Sunday, September 10, 2023

XCOM - A Boardgame with More X and Less Calm

So, if I told you I had played XCOM this weekend, you might have asked, "what the heck is that?"

But if you were somehow familiar with that tortured acronym (which supposedly stands for Extraterrestrial Combat), you might think I was playing the XCOM Legends game from 2021 on a mobile device.

Or maybe I was playing the XCOM: Enemy Unknown game on my Playstation, even though it came out -wow, in 2012? -  or the PC game that inspired it from 1994.

But in fact, I was playing a board game based on all those things (but mostly Enemy Unknown) that came out in 2015. And not just me - I had help from Scott and Jeff...and my iPad.

One of the reasons I had purchased the game (besides really liking Enemy Unknown and being a fan of the publisher Fantasy Flight Games and knowing their production values are rock solid) was because it was one of the first app-assisted games I had ever heard of. A decade later, I am actually surprised there aren't more of them.

Plenty of games have applications (usually third-party) that can help with record or scorekeeping or providing a rules reference, but XCOM uses its companion app to randomize events and limit player turns with a timer. It also makes great use of music and some sound effects to add a bit of drama.

In every iteration of XCOM, you are responsible for a defense agency trying to repel an invasion by aliens in flying saucers. The video game alternates between strategic planning including research and development and budgeting, and tactical missions where you equip a small team against an initially unseen enemy. Soldiers that survive get increased skills and improved equipment from R&D as you try to gain ground against the invaders.

The cooperative board game takes the same tack, with 1-4 players dividing four roles among them: Commander, Central Officer, Chief Scientist and Squad Leader. 

During the timed phase, the app directs each role, in a random order, to go about their various tasks - assigning scientists to projects, soldiers to base defense and other missions, satellites and interceptors to combat the saucers themselves, all while maintaining a limited budget. 

Sure, a deck of cards or a dice-table might accomplish the same thing, but having the app do it is not only faster, it is more dramatic. You must finish your task within the time allotted, or the next task will have its time reduced.

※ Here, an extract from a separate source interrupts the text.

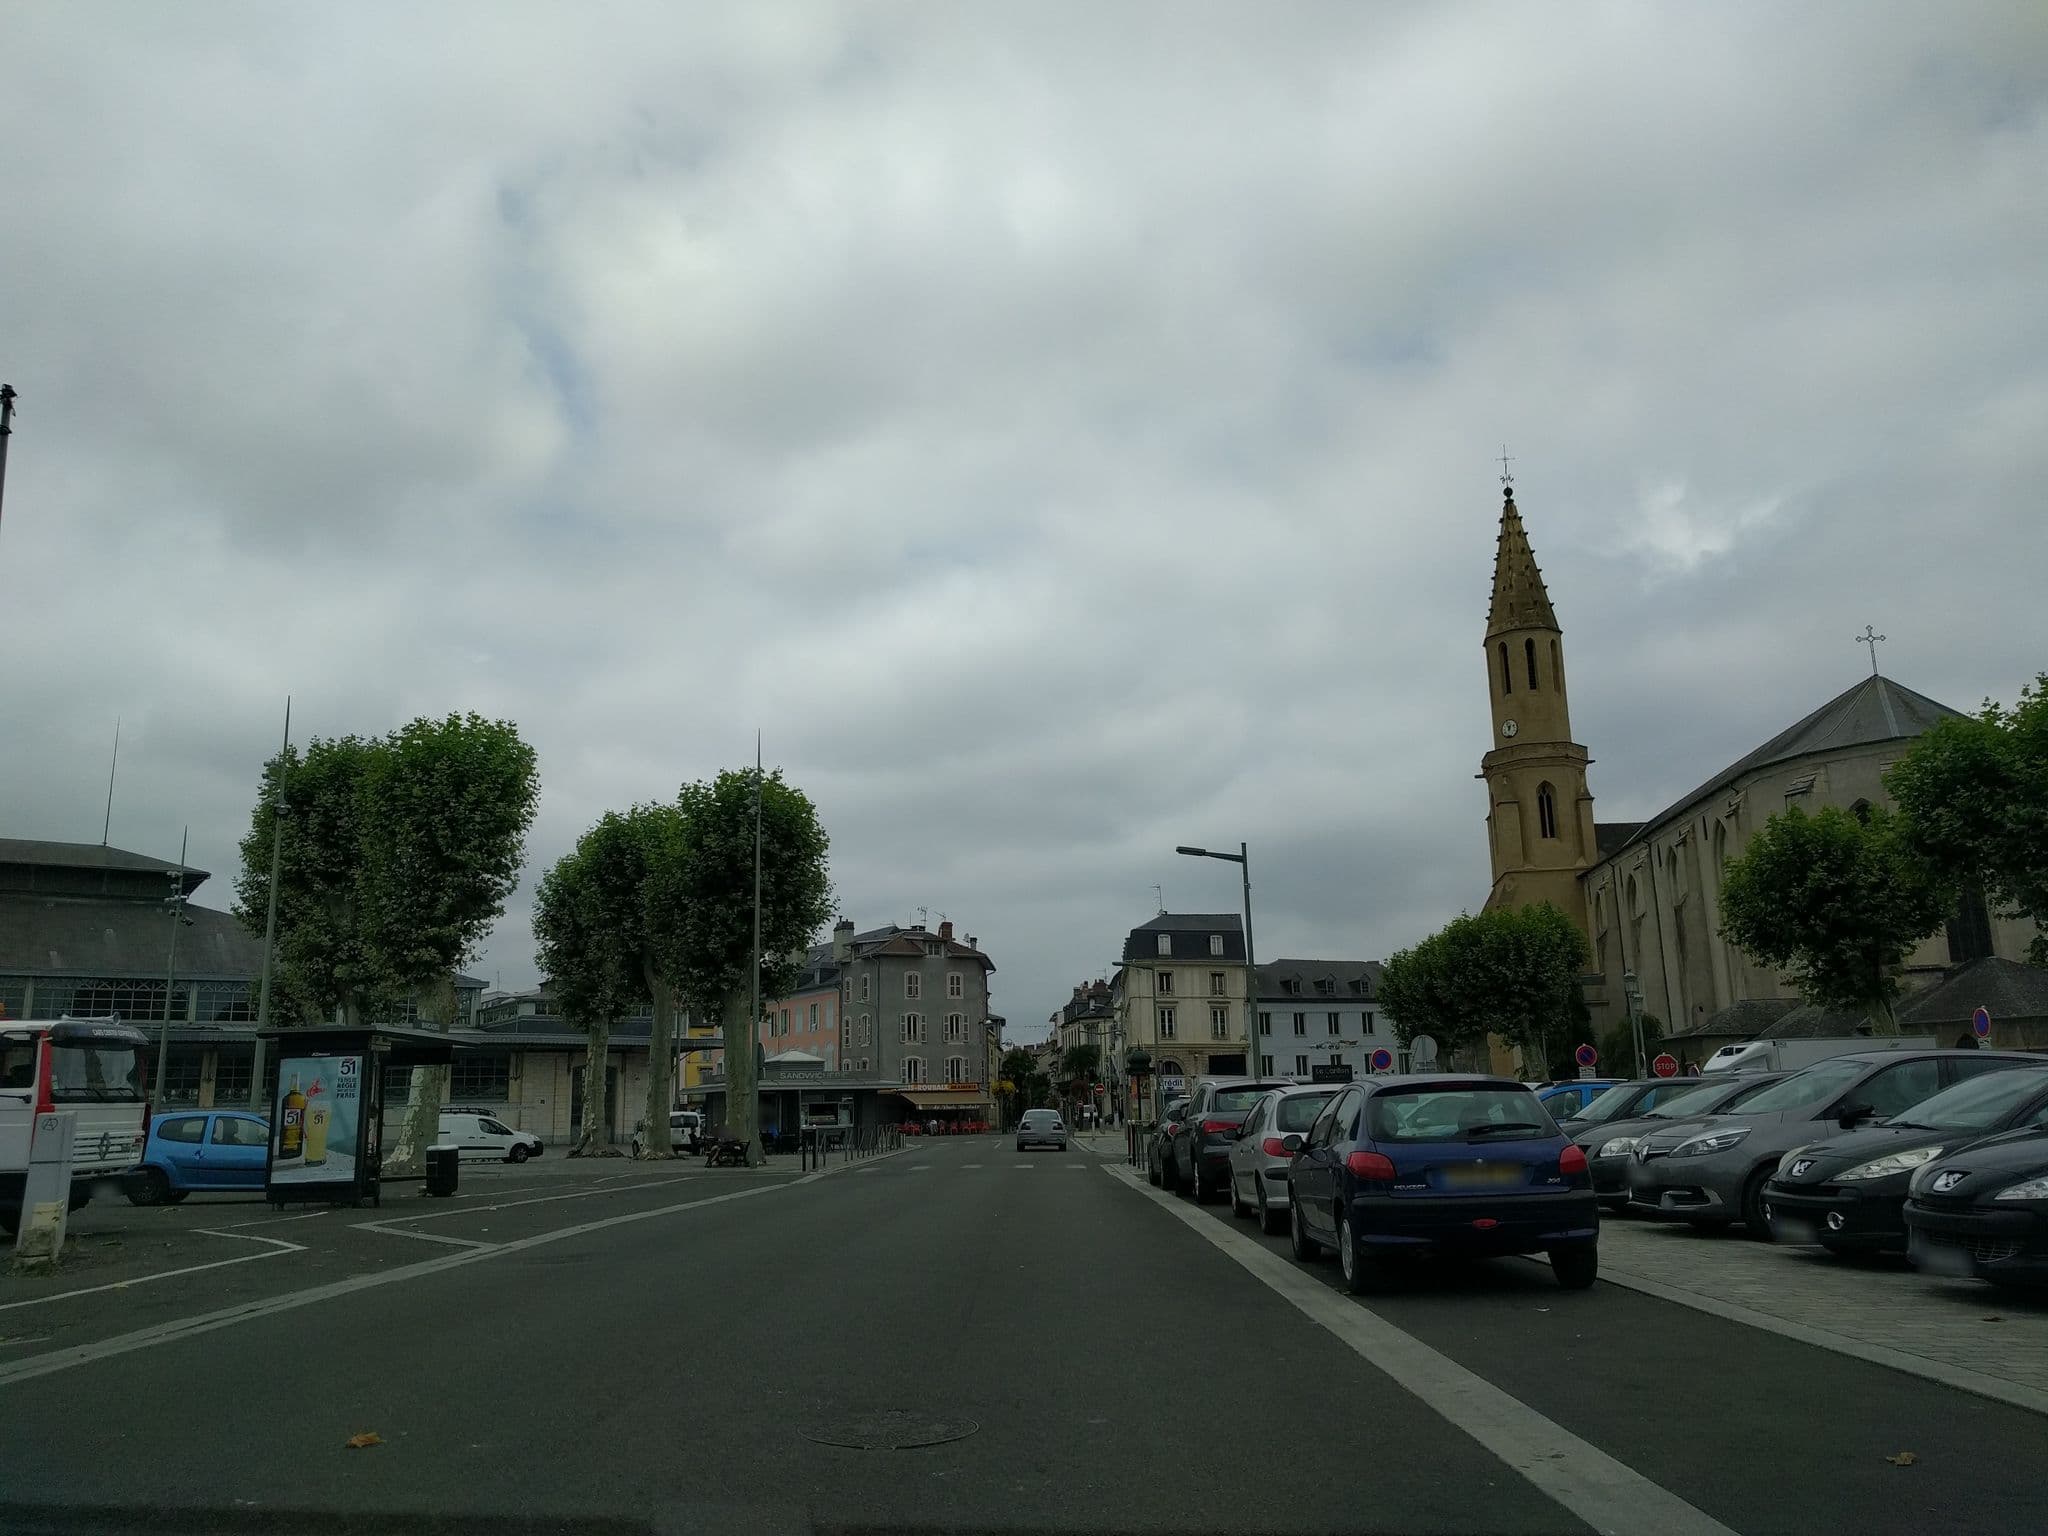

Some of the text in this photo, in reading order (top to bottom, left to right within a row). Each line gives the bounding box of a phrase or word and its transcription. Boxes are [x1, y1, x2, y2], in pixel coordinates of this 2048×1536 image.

[340, 1061, 357, 1075] 51
[286, 1112, 299, 1124] 51
[314, 1114, 324, 1125] 51
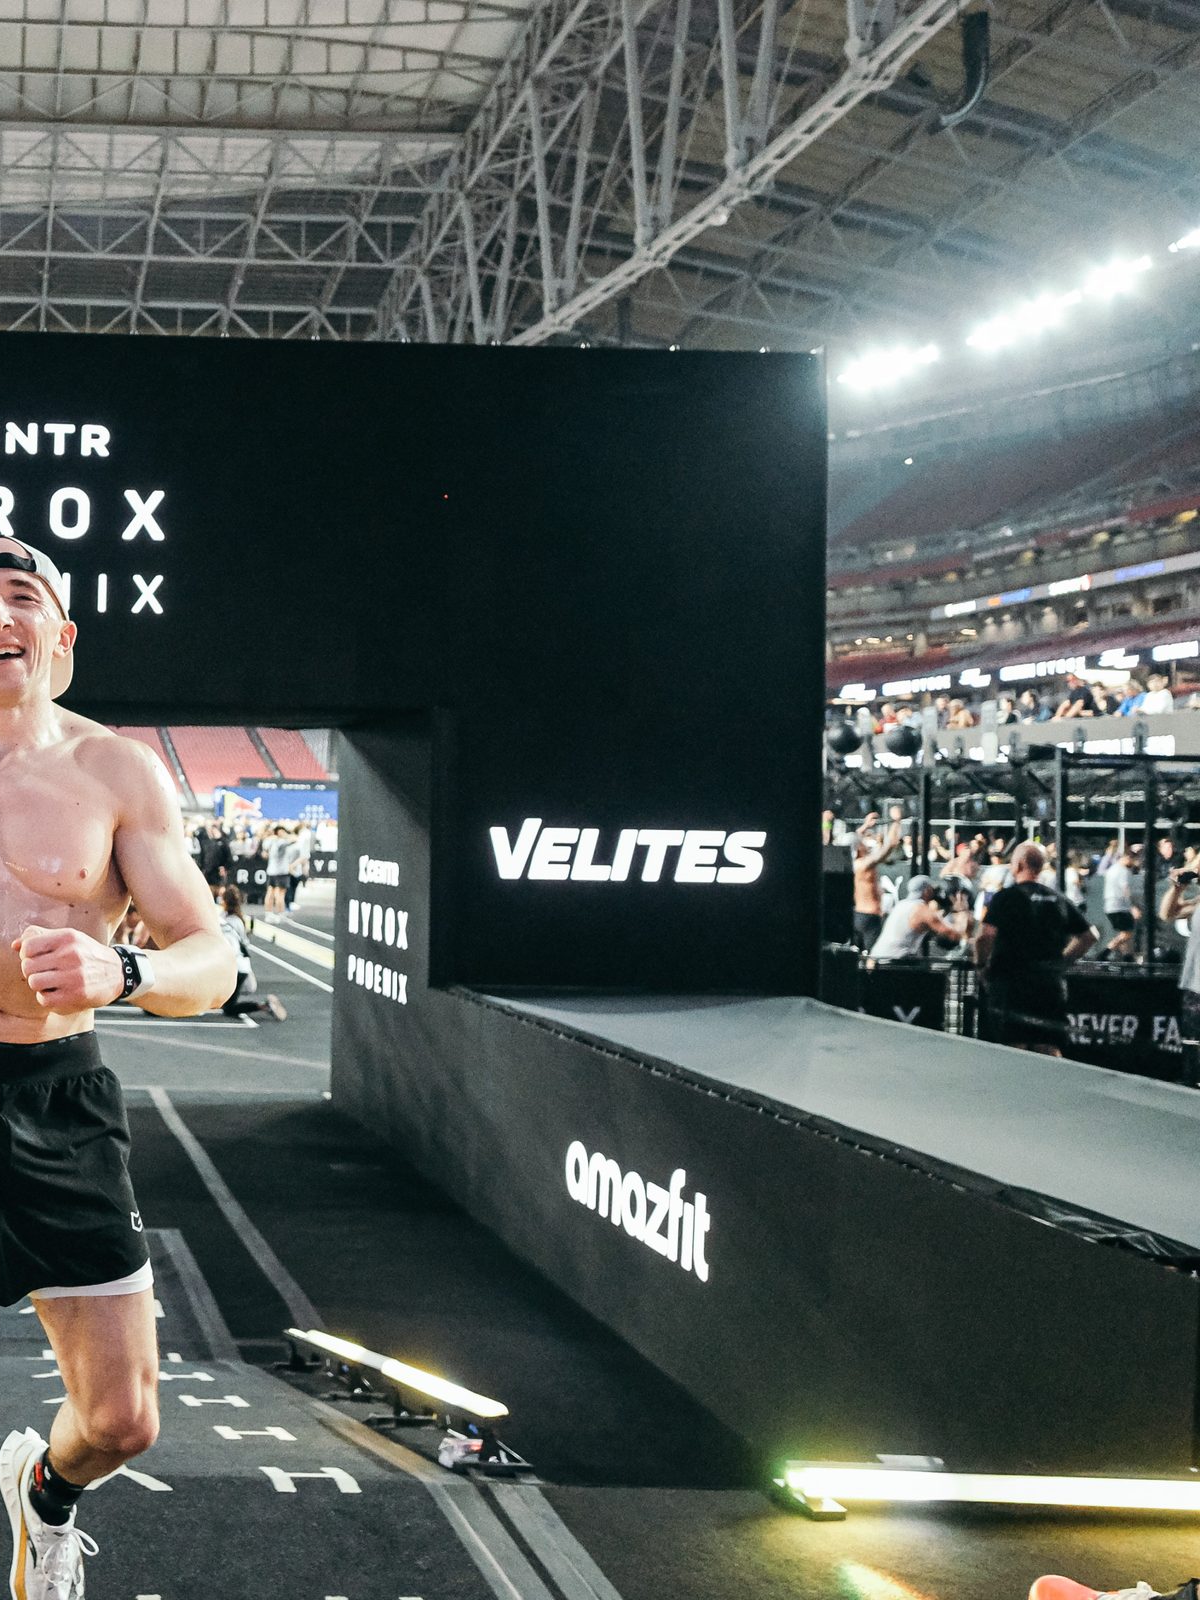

Some cooperative games lend themselves too well to "quarterbacking", where one player asserts themselves over the others, and their suggestions eventually become proxied orders, making hapless players wonder why they were needed at all. The timer pretty much precludes that as a possibility, and leaves each role-holder responsible for their portfolio, with just enough time left over for kibbutzing and groupthink.

"Ugh, both of these two crises are bad, which one should we take?"

"Doesn't matter; I am tasking two soldiers to Skyranger with this card and you can discard whichever one you do take!"

"Awesome, thanks!"

If the game has a flaw, I think it is in the tutorial, which quickly overloads the board with saucers, increasing global panic and eventually costing you the game. But when we played an actual game, we were able to manage the saucers much more effectively (especially once we developed Stealth Satellites that could kill one each turn without even rolling a dice). Honestly though, the tutorial should not discourage you from playing the actual game, right? Or is it perhaps meant to mirror the video game, where the first mission (with conventional military) goes so poorly (through no fault of the player) that XCOM itself is formed in the aftermath? Hmm...

Research, saucer destruction and tactical actions are completed using a simple but terrifyingly random push-your-luck mechanic and some custom dice. Each dice you roll has a 1 in 3 chance of generating a success, but if you roll a low number on the red Alien dice, you not only lose all the soldiers or Interceptors on that task, but the unlucky number gets larger as well - insidious!


At any rate, for a game that has so much resource management at the heart of it (hello again, Starfleet Battles!), XCOM is a surprisingly tense and fun game. With five different invasion plans that impact the types of attacks as well as the order in which they are presented to players, there is a ton of replay value even without increasing the difficulty level.

We had a great time earning our victory (even on the Easy level!) and look forward to defending our homeworld again in the future!